Probability-based structural design of lined rock caverns to resist high internal gas pressure

This paper describes a probability-based structural design approach to underground, lined rock caverns for the bulk storage of pressurized gas, such as compressed air, compressed natural gas, or compressed gaseous hydrogen. Our design approach is based on a combination of a point estimate method and a deterministic numerical analysis code. In the present study, we demonstrate the validity of this numerical approach in the design of underground structures by comparing it with a theoretical solution for a lined-tunnel problem. Our design approach is then applied to the preliminary structural design of a lined rock cavern for storing compressed natural gas at a high pressure of 15 MPa, where structural support for ensuring gas-tightness and the cavern's mechanical stability is supplied by both steel and concrete liners.
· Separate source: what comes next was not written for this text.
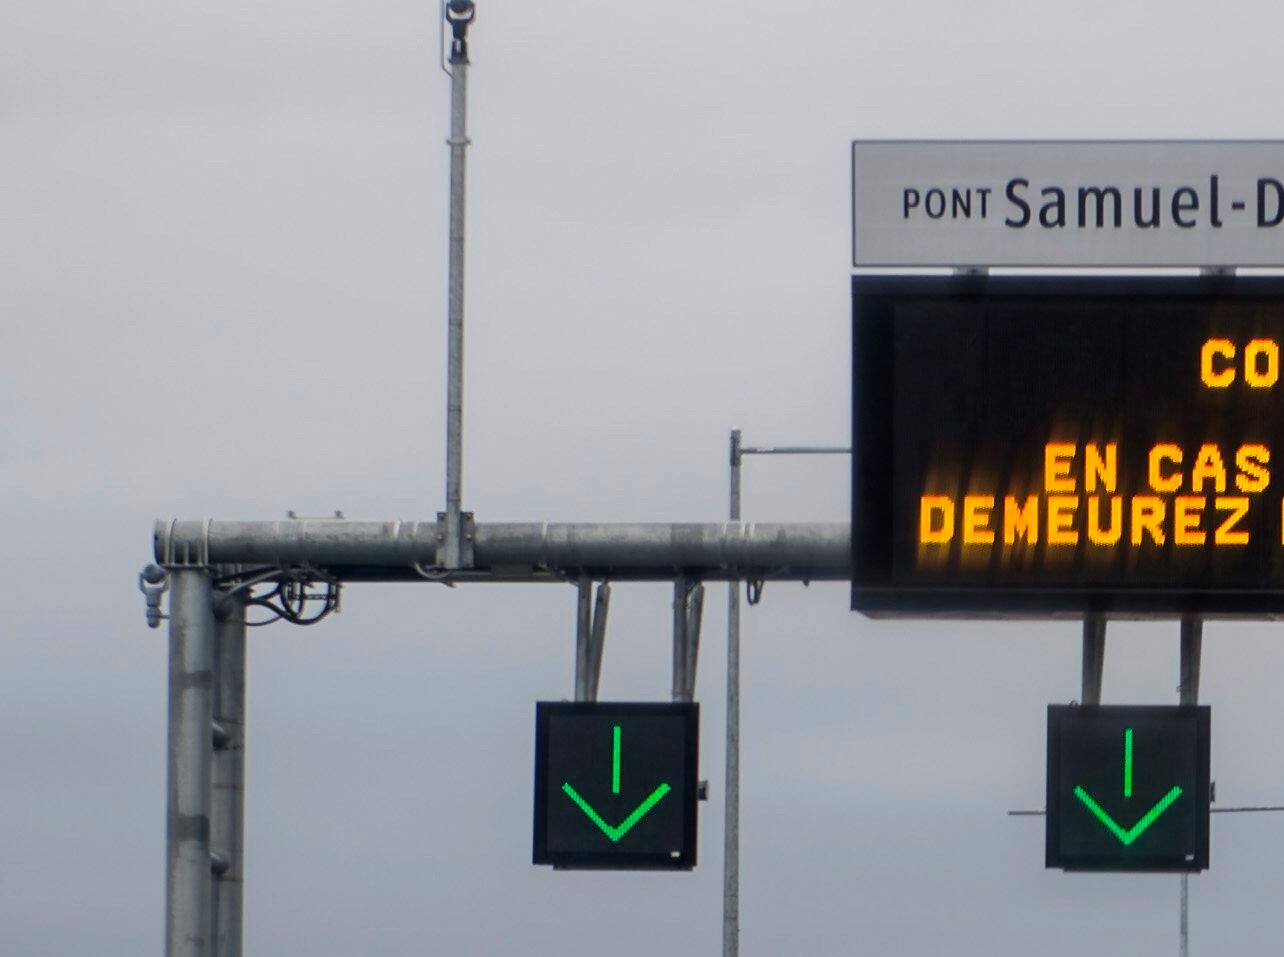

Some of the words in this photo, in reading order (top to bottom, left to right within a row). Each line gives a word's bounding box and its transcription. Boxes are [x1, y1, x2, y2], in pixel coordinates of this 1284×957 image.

[903, 188, 992, 220] PONT
[1044, 441, 1118, 494] EN
[1148, 442, 1271, 494] CAS
[919, 495, 1250, 547] DEMEUREZ
In this application, a probability-based design chart for determining the strength and thickness of the steel liner is presented, and the structural performance of the concrete liner is evaluated in a probabilistic manner.

► This paper addresses a probabilistic design approach to underground rock caverns.
► The approach involves combining a point estimate method and numerical analysis.
► The approach's validity was demonstrated by comparing it with an exact solution.
► The present approach was applied to a lined rock cavern for CNG storage.
► Probability-based structural design information for this rock cavern was provided.